Please output the line that contains "this 1310×1310 image." and all later lines of the material, exactly, through the end.
Segment Open
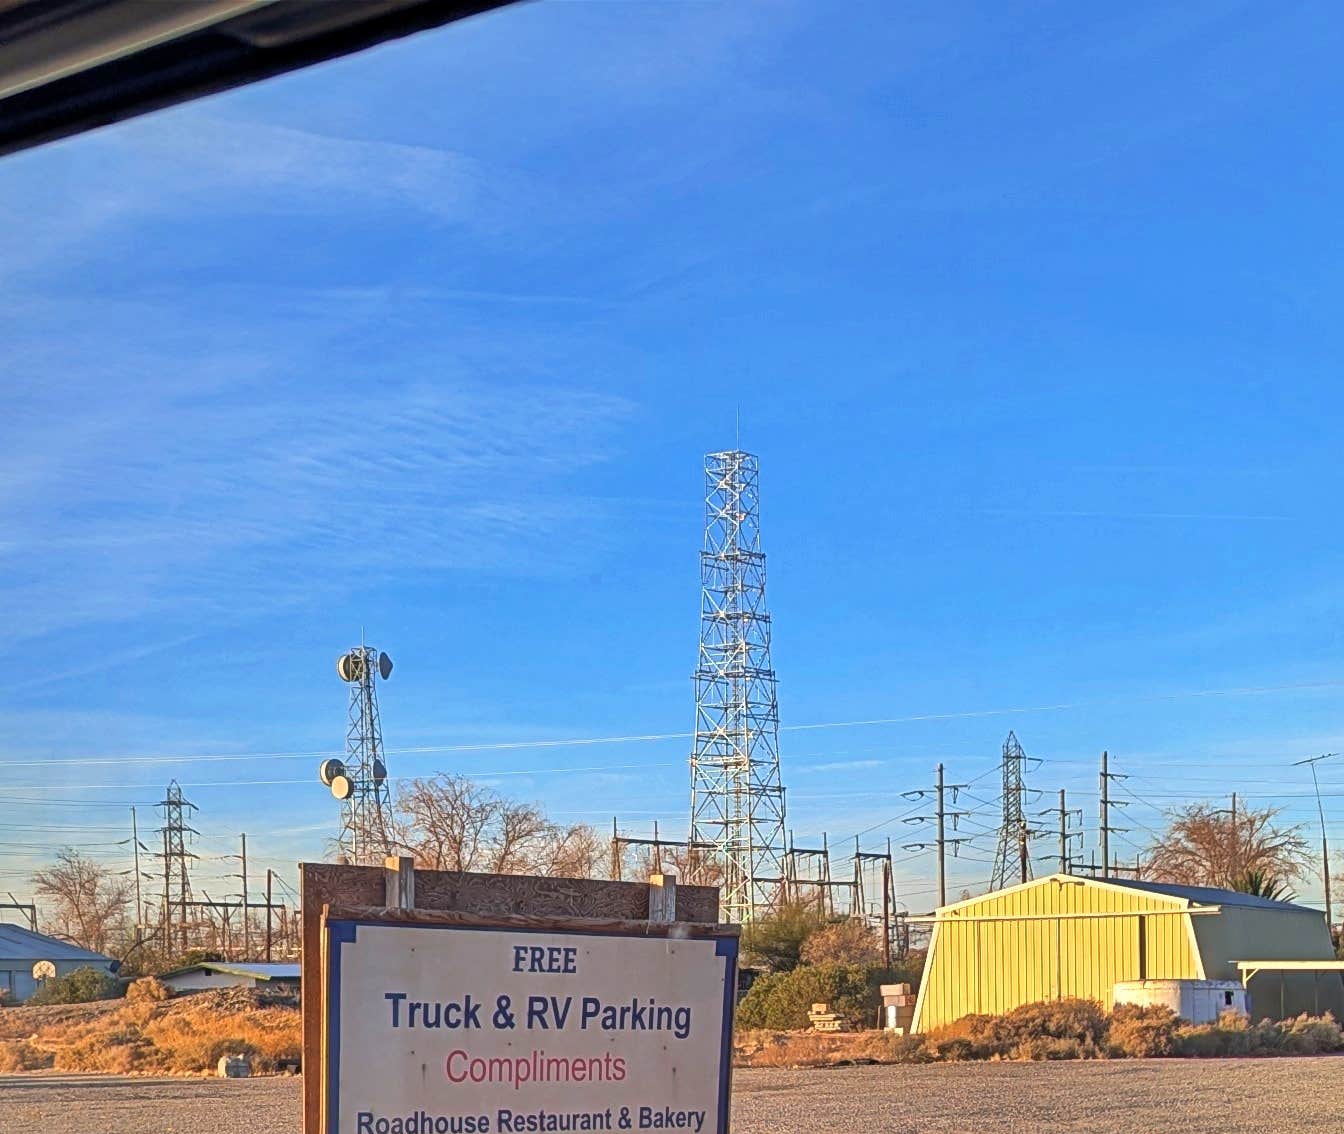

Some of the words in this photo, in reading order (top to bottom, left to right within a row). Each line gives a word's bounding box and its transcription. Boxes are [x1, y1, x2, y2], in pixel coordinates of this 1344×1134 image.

[512, 945, 577, 974] FREE
[384, 992, 481, 1029] Truck
[492, 995, 516, 1029] &
[527, 996, 573, 1029] RV
[581, 997, 692, 1039] Parking
[445, 1050, 626, 1089] Compliments
[497, 1108, 612, 1133] Restaurant
[618, 1107, 632, 1129] &
[639, 1106, 706, 1133] Bakery
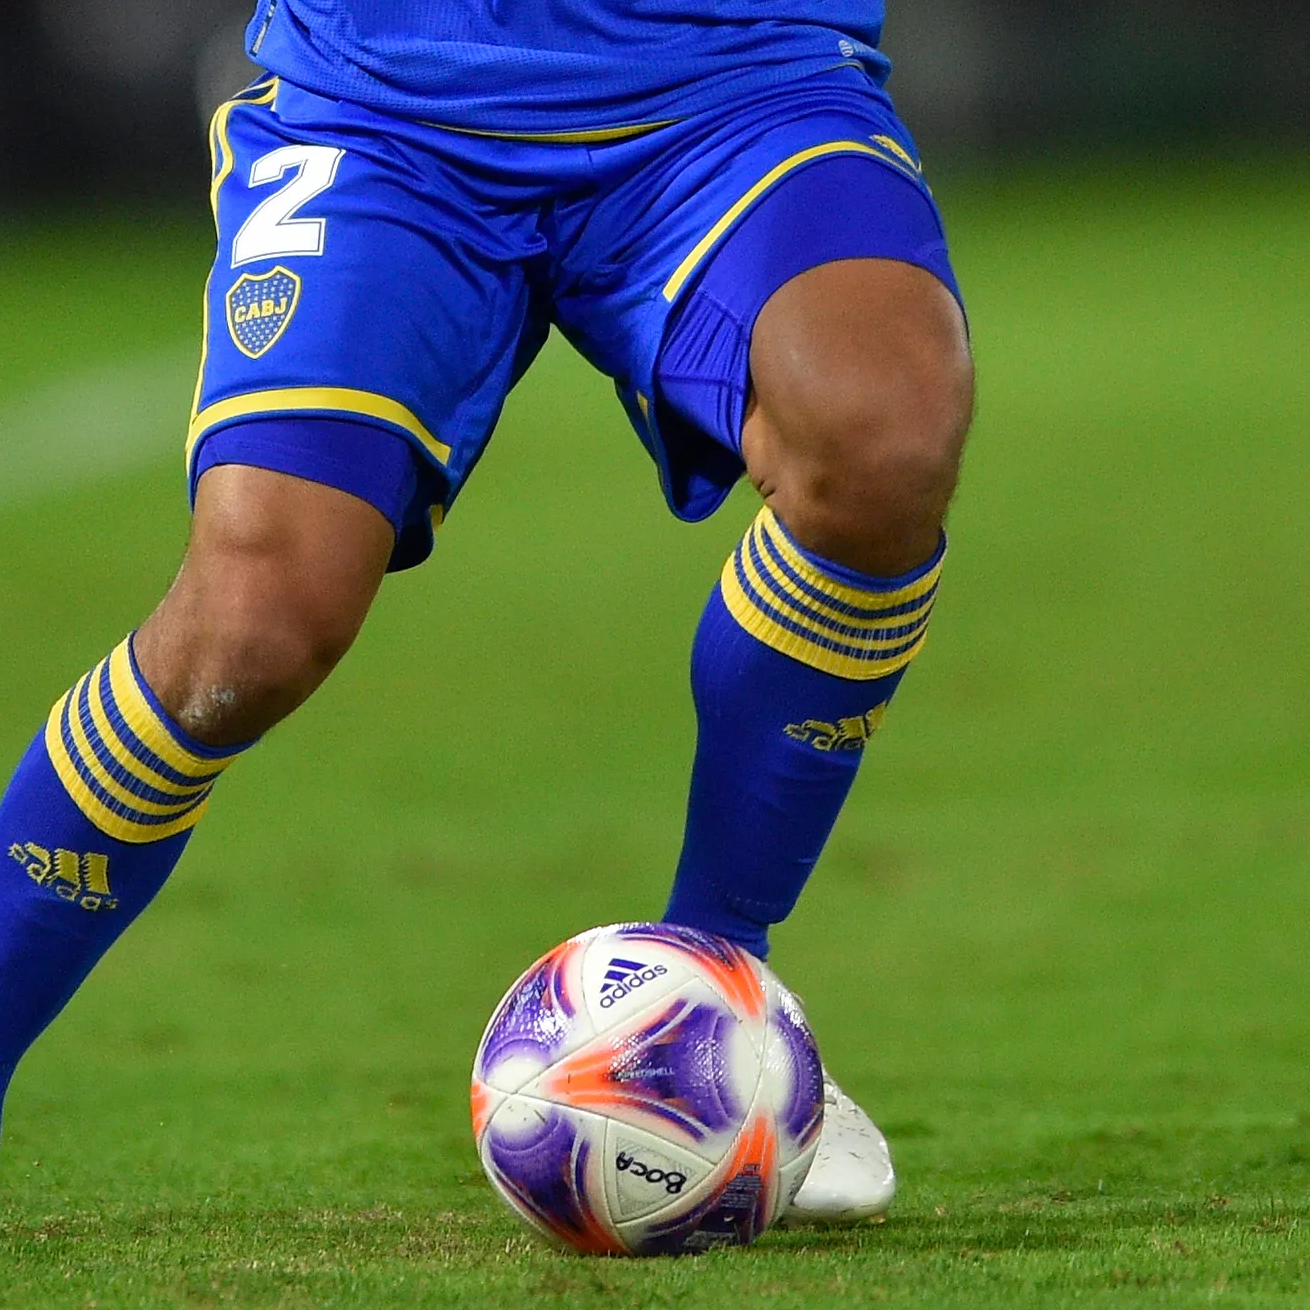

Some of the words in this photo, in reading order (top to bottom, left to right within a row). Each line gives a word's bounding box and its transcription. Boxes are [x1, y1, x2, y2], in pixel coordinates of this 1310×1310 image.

[230, 144, 346, 269] 2
[234, 296, 288, 323] CABJ
[7, 842, 119, 911] adidas
[600, 964, 668, 1008] adidas
[616, 1151, 687, 1194] BOCA
Segment Closed
EXERCISE ANSWER =>
Some of the words in this photo, in reading order (top to bottom, left to right within a row). Each line gives a word's bounding box and its transcription. Boxes are [x1, y1, x2, y2], in pixel coordinates of this 1310×1310 image.

[230, 144, 346, 269] 2
[234, 296, 288, 323] CABJ
[7, 842, 119, 911] adidas
[600, 964, 668, 1008] adidas
[616, 1151, 687, 1194] BOCA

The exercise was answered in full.